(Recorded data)
::::::

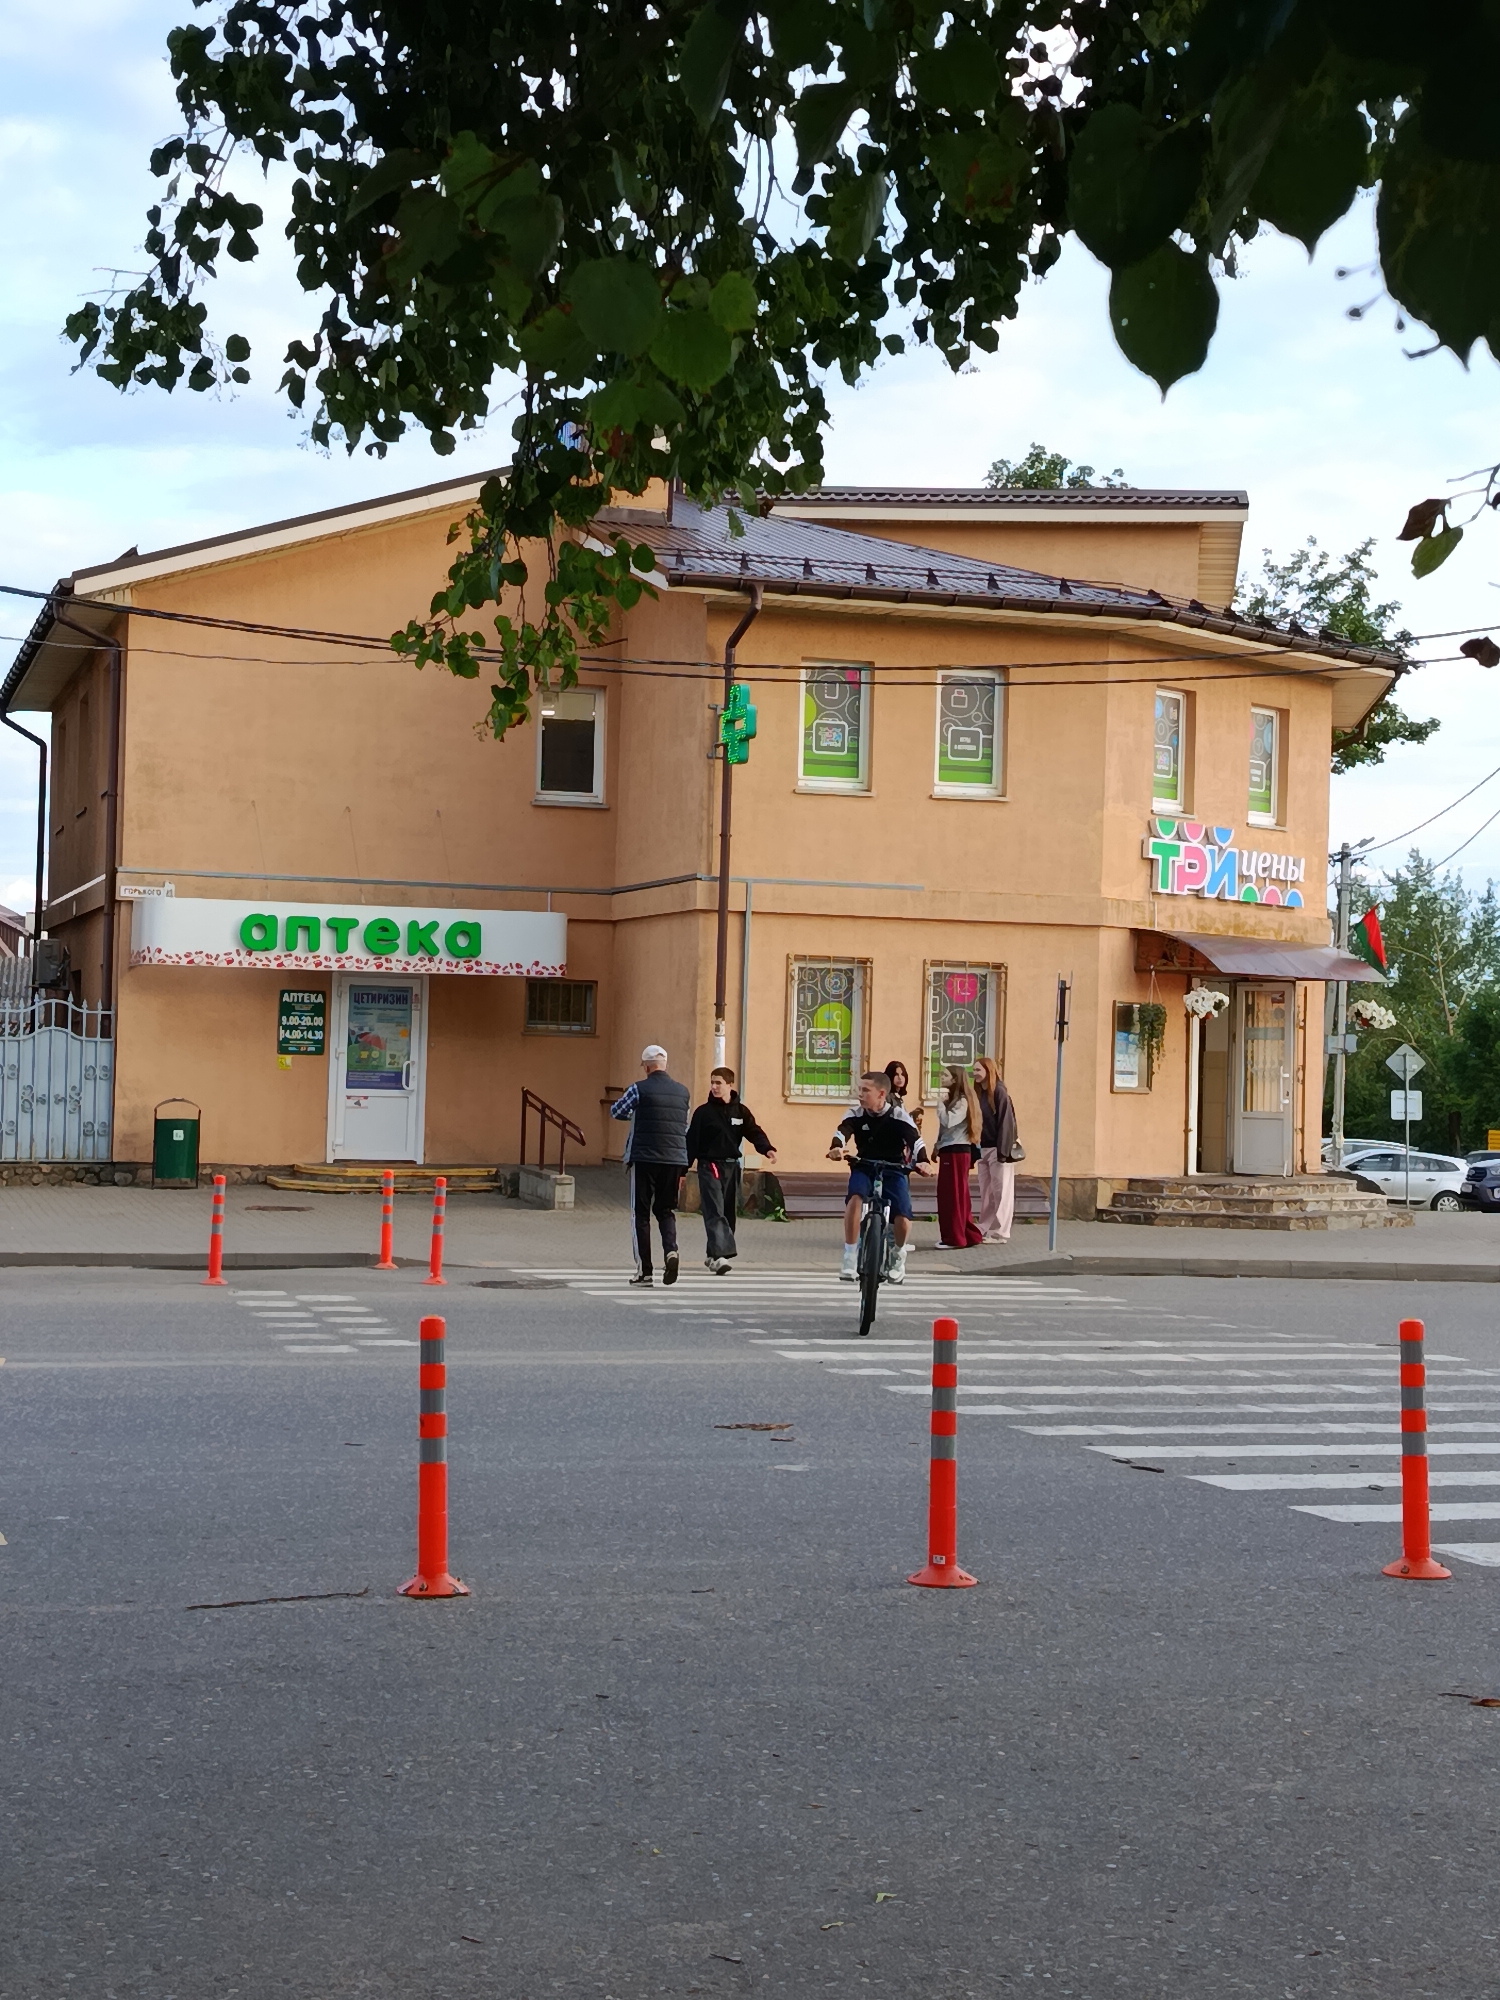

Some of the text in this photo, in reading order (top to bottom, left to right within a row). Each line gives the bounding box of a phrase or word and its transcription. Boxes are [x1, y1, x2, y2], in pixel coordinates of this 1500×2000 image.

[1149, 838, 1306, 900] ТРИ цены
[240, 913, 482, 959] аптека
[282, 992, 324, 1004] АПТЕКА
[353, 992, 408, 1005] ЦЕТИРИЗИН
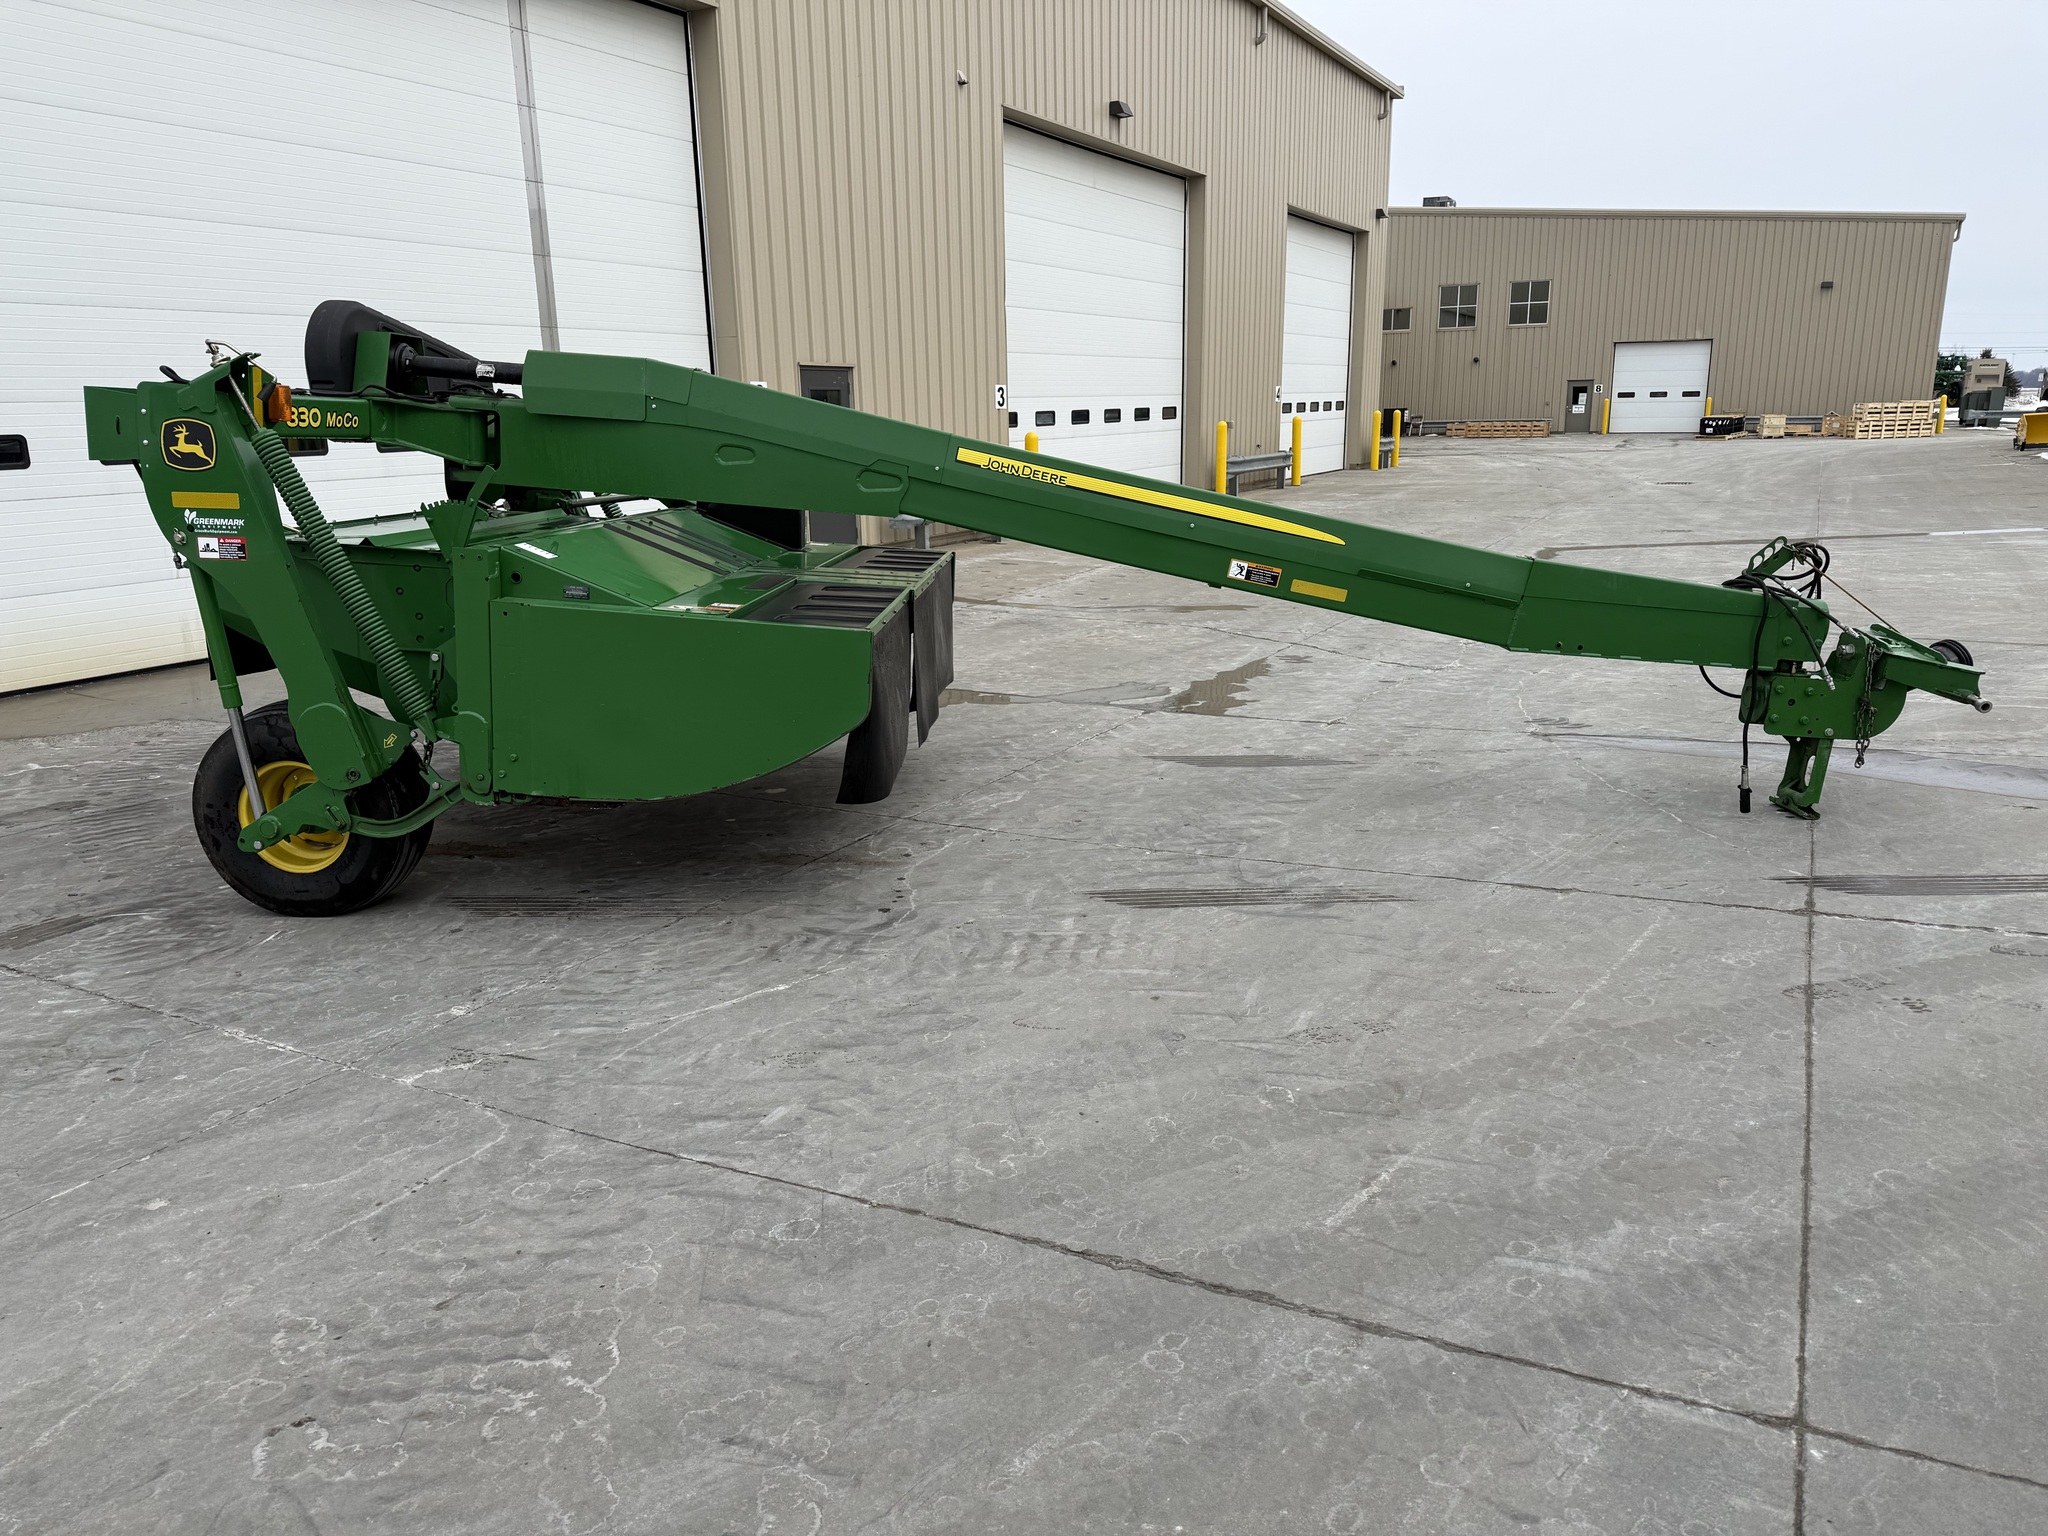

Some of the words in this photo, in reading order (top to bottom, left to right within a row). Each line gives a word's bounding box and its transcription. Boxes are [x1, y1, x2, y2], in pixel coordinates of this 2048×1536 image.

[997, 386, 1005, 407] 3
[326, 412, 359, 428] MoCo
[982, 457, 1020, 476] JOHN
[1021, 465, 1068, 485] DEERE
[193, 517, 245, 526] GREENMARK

::::::

Each entry above is to be duplicated exactly, and its pictures omitted.

Some of the text in this photo, in reading order (top to bottom, left to right within a row). Each line gives the bounding box of a phrase or word and its transcription. Boxes are [x1, y1, x2, y2], in pixel coordinates of this 1500×2000 image.

[1149, 838, 1306, 900] ТРИ цены
[240, 913, 482, 959] аптека
[282, 992, 324, 1004] АПТЕКА
[353, 992, 408, 1005] ЦЕТИРИЗИН

Some of the words in this photo, in reading order (top to bottom, left to right within a row). Each line gives a word's bounding box and its transcription. Boxes are [x1, y1, x2, y2], in pixel coordinates of this 2048×1536 image.

[997, 386, 1005, 407] 3
[326, 412, 359, 428] MoCo
[982, 457, 1020, 476] JOHN
[1021, 465, 1068, 485] DEERE
[193, 517, 245, 526] GREENMARK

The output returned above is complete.